• Problem details
Line by line, print the records exactly as they are, dropping the pictures.

Items listed in a dataset
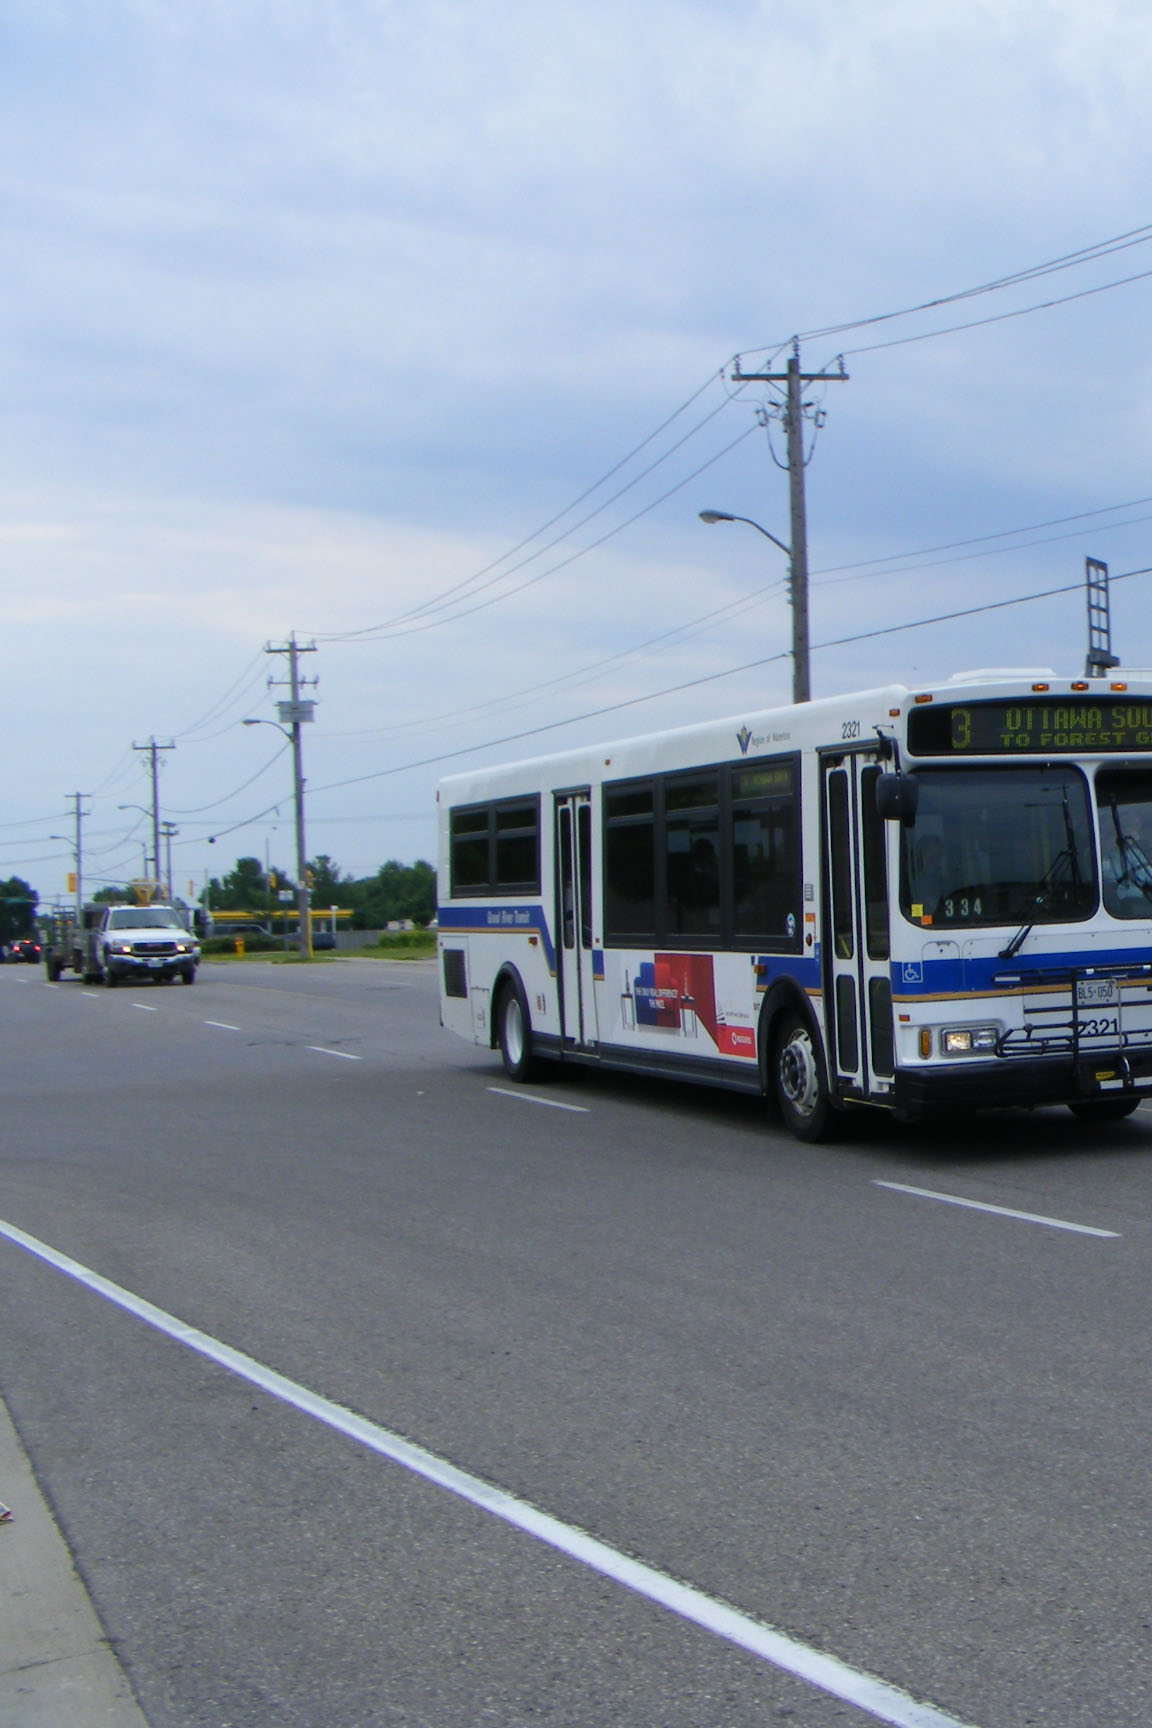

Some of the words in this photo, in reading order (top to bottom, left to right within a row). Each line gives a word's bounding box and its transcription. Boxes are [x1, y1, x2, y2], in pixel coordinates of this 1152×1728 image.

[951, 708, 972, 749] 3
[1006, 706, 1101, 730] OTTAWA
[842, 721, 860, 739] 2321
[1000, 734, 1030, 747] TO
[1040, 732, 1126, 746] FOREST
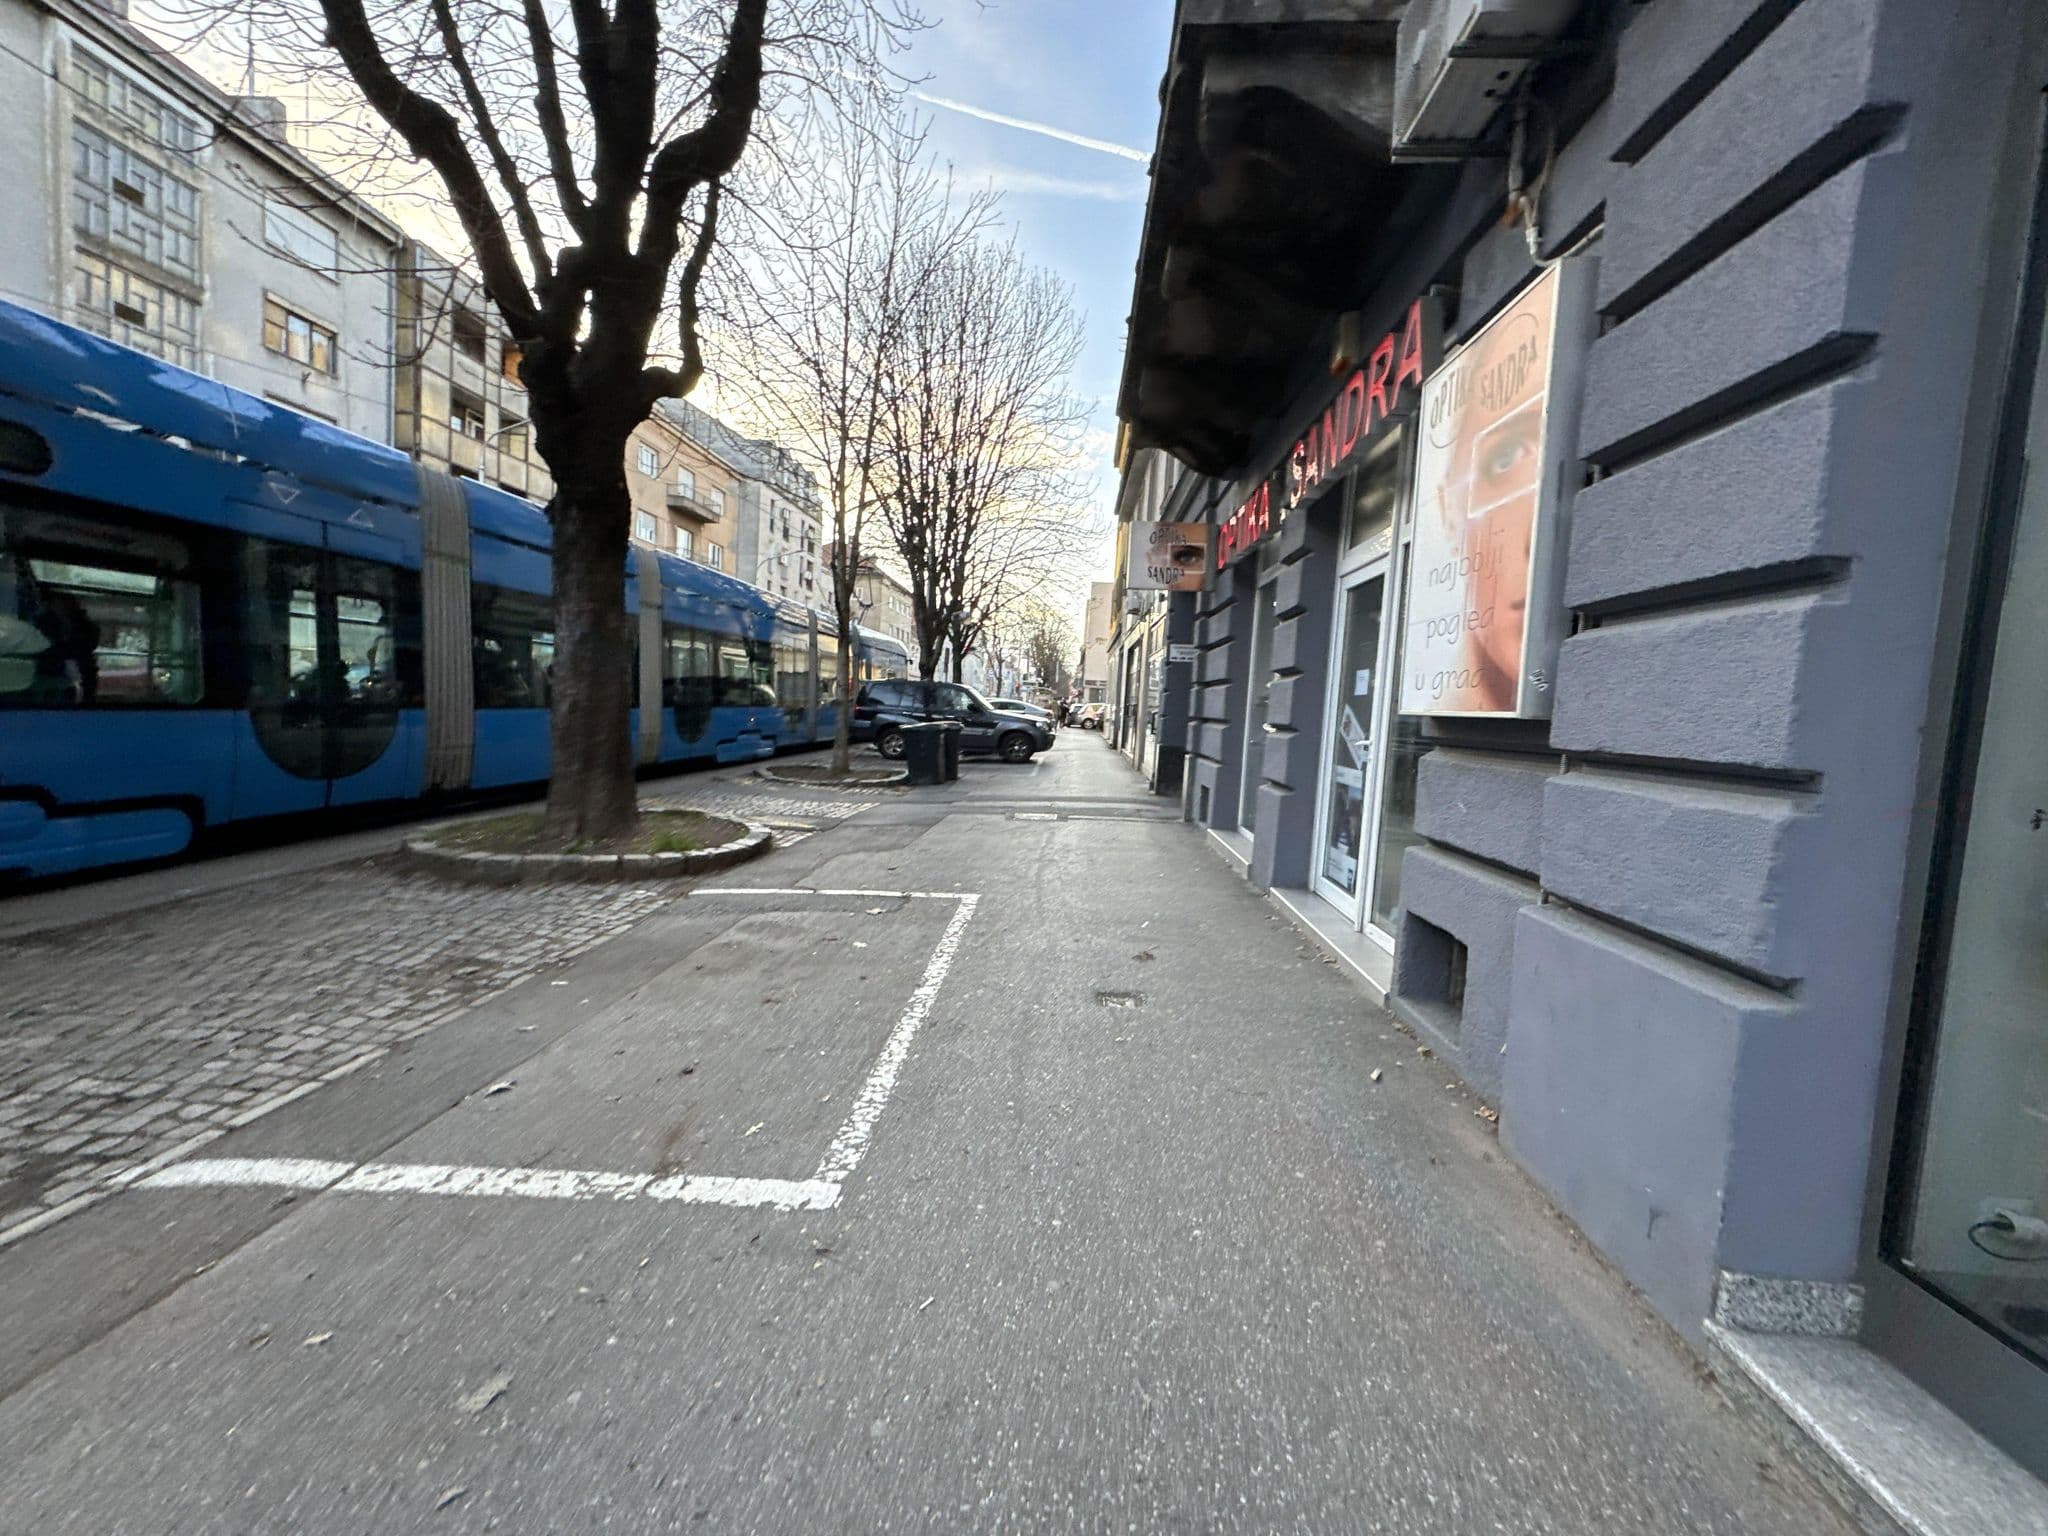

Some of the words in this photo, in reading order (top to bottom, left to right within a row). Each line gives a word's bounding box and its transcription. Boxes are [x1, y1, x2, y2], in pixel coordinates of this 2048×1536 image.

• Exercise response
Some of the words in this photo, in reading order (top to bottom, left to right within a row). Each line gives a word's bounding box and its transcription. Boxes are [x1, y1, x2, y2], in pixel coordinates of this 1152×1728 image.

[951, 708, 972, 749] 3
[1006, 706, 1101, 730] OTTAWA
[842, 721, 860, 739] 2321
[1000, 734, 1030, 747] TO
[1040, 732, 1126, 746] FOREST

Some of the words in this photo, in reading order (top to bottom, left to right within a row). Each line gives a word's bounding box and its transcription. Boxes are [x1, y1, x2, y2], in pixel coordinates of this 2048×1536 image.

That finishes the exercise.